(Requirement):
Make an exact copy of all the records that follow, apart from the pictures.

(Records for this exercise):
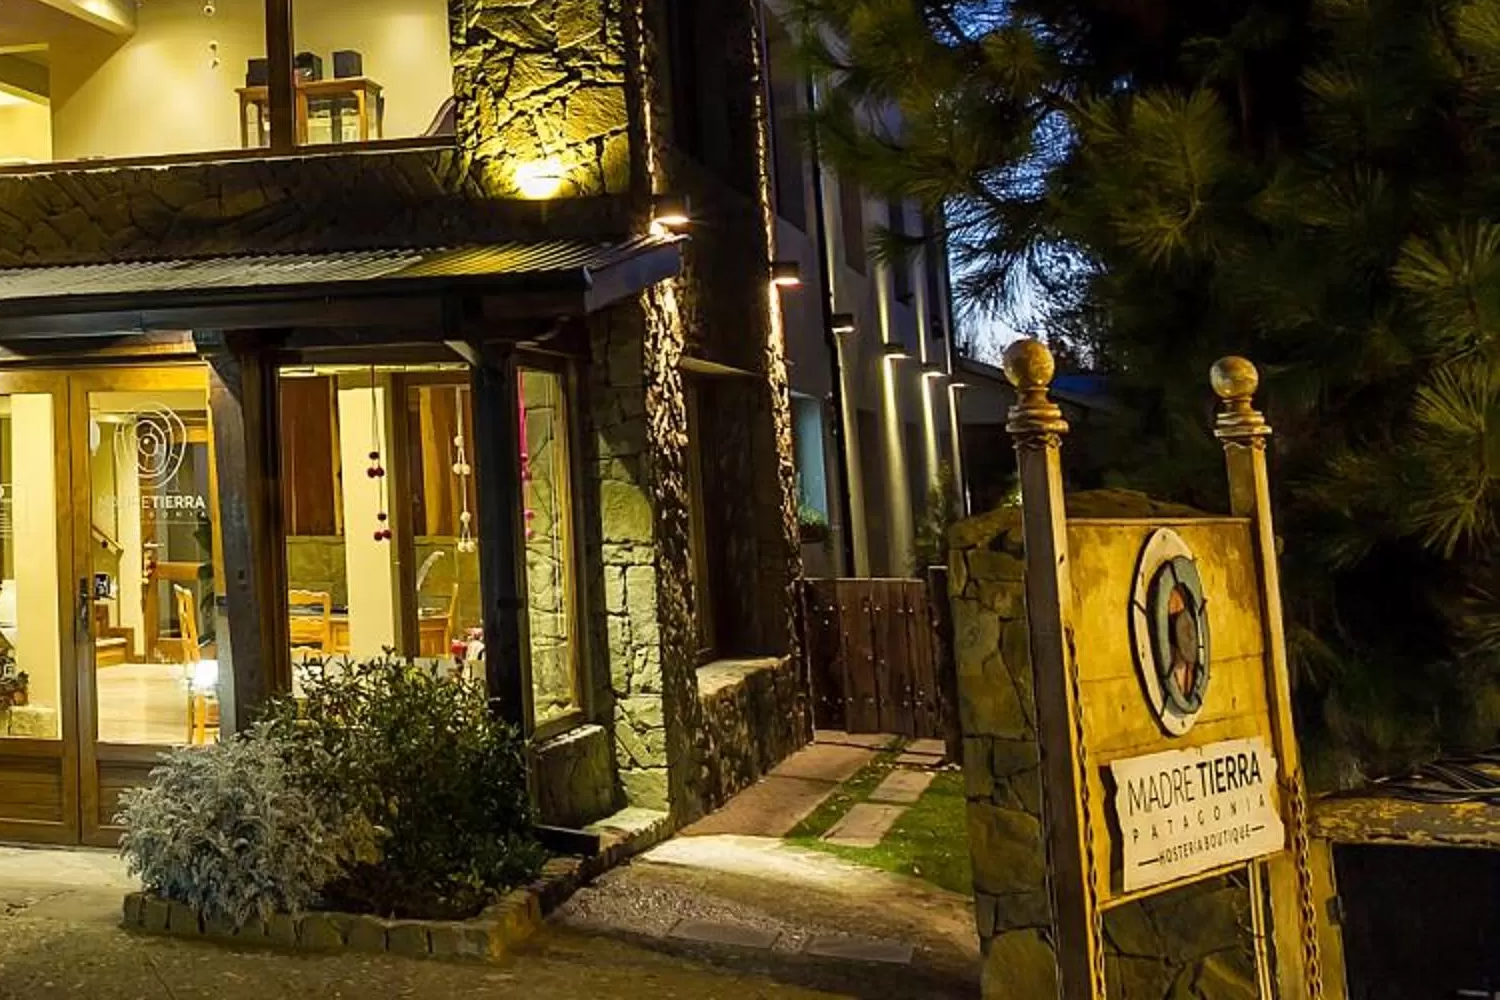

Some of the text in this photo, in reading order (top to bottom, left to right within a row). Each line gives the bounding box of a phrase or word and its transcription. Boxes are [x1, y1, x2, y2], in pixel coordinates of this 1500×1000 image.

[152, 495, 206, 509] TIERRA
[1127, 751, 1262, 816] MADRE TIERRA
[1133, 794, 1265, 844] PATAGONIA
[1203, 823, 1250, 850] BOUTIQUE

(Answer section):
Some of the text in this photo, in reading order (top to bottom, left to right within a row). Each line gives the bounding box of a phrase or word and its transcription. Boxes are [x1, y1, x2, y2], in pixel coordinates of this 1500×1000 image.

[152, 495, 206, 509] TIERRA
[1127, 751, 1262, 816] MADRE TIERRA
[1133, 794, 1265, 844] PATAGONIA
[1203, 823, 1250, 850] BOUTIQUE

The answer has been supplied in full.